En el Festival de San Sebastián de 1974 se descubrió el cine argentino. Fue un revuelo. Nos dimos de cuenta que el olvido al que se habían sometido las cinematografías latinoamericanas era antes producto de nuestra ignorancia que de una seria elección estética. Las películas bonaerenses coincidían en mostrarnos un rigor dramático que en España se había perdido bastante bajo los efectos de la dictadura y que sólo esporádicamente algunos francotiradores eran capaces de desarrollar. Los actores constituyeron la principal sorpresa. Héctor Alterio, Luis Politi y Walter Vidarte encabezaban una larga lista que en el terreno de las mujeres protagonizaba sin duda Marilina Ross, una sensible y menuda actriz con capacidad para dar emoción tanto a un tópico y desmelenado papel melodramático como al personaje más conflictivo. En La Raulito encarnó con pasión a una adolescente marginada que busca su libertad en un mundo que la reprime; los espectadores españoles entendieron la calidad de este trabajo convirtiendo la película, que había dirigido el actor Lautaro Murúa, en un importante éxito de taquilla.
La buena recepción que los cineastas argentinos tuvieron en aquel festival contrastaba, sin embargo, con las dificultades políticas que vivían en su propio país. Como síntoma baste decir que La Patagonia rebelde, excelente película de Héctor Olivera, continúa aún prohibida en Argentina. Y no es la única. Fueron varios los cineastas que decidieron entonces probar fortuna en España. Gracias a ello los actores argentinos nos han legado un sistema de trabajo que supera la intuición fácil para inspirarse en un método que desarrolla con eficacia su capacidad de comunicación. Marilina Ross, por ejemplo, demostró su buen hacer en los personajes principales de La reina zanahoria, Al servicio de la mujer española o El hombre de moda.

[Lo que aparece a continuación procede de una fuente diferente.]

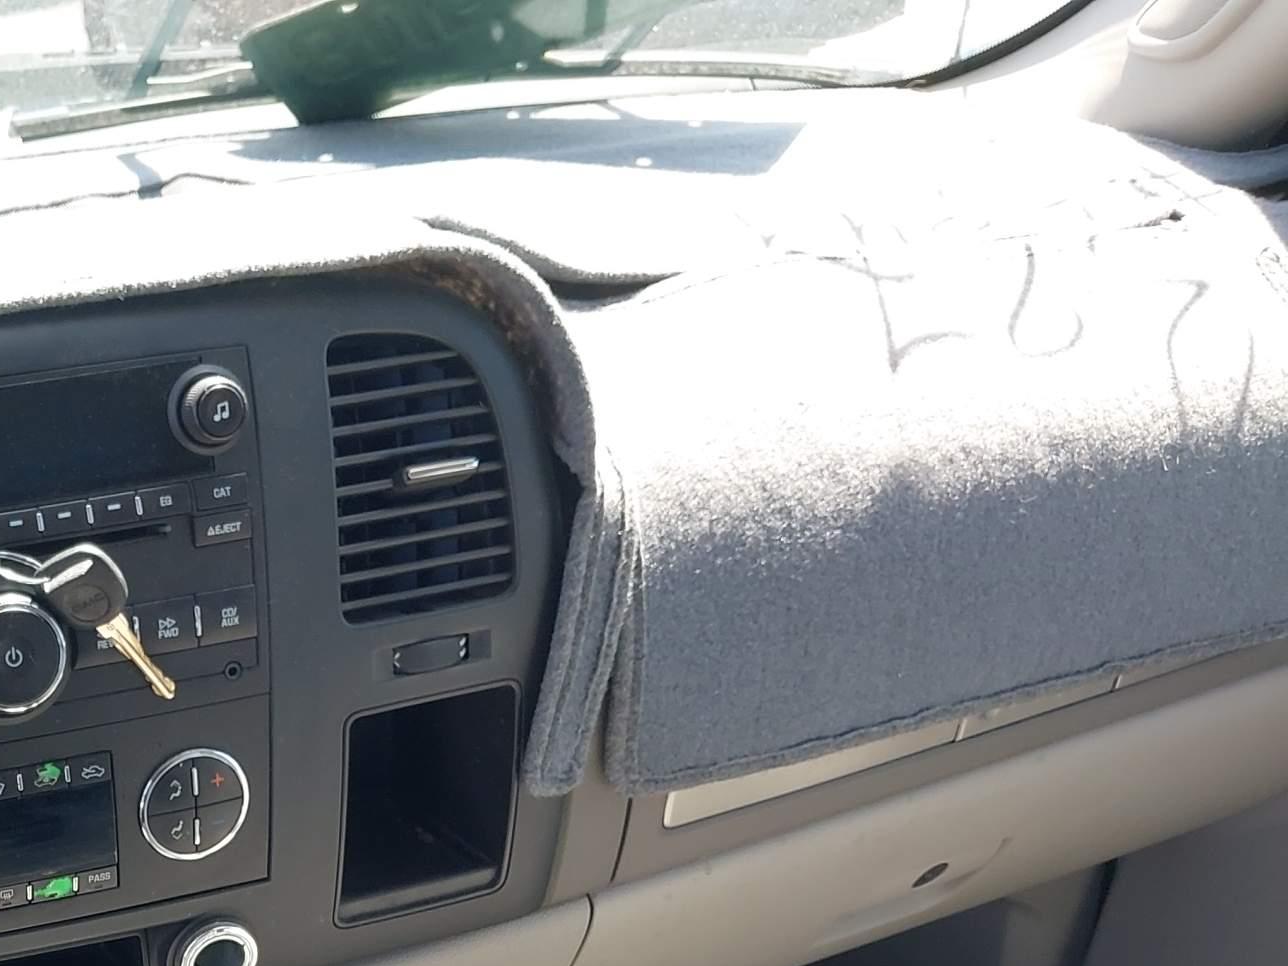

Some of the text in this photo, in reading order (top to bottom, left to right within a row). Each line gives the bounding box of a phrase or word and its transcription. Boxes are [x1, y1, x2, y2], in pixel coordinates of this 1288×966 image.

También Lautaro Murúa deshizo sus maletas en España. Trabajó esporádicamente como actor, pero no lo suficiente como para compensarle la angustia del exilio. Lógico fue entonces que a alguien se le ocurriera repetir la fortuna de La Raulito encargándole una segunda parte que explotara los elementos de la primera: ternura, vaga crítica social, interpretación brillante. Pero esta vez no hubo éxito. La Raulito, en libertad era una película forzada a la que las circunstancias habían desprovisto de frescura narrativa, de aquella sinceridad que inspiró la primera parte. El dolor del exilio impidió la libertad de creación. El buen cine argentino había nacido en un contexto coherente que no se podía trasladar miméticamente a otro país. Ni siquiera el esfuerzo de ambientar las nuevas peripecias de La Raulito en tierras españolas sirvió para darle verosimilitud a la película. De ella queda, como mucho, el encanto inevitable de Marilina Ross.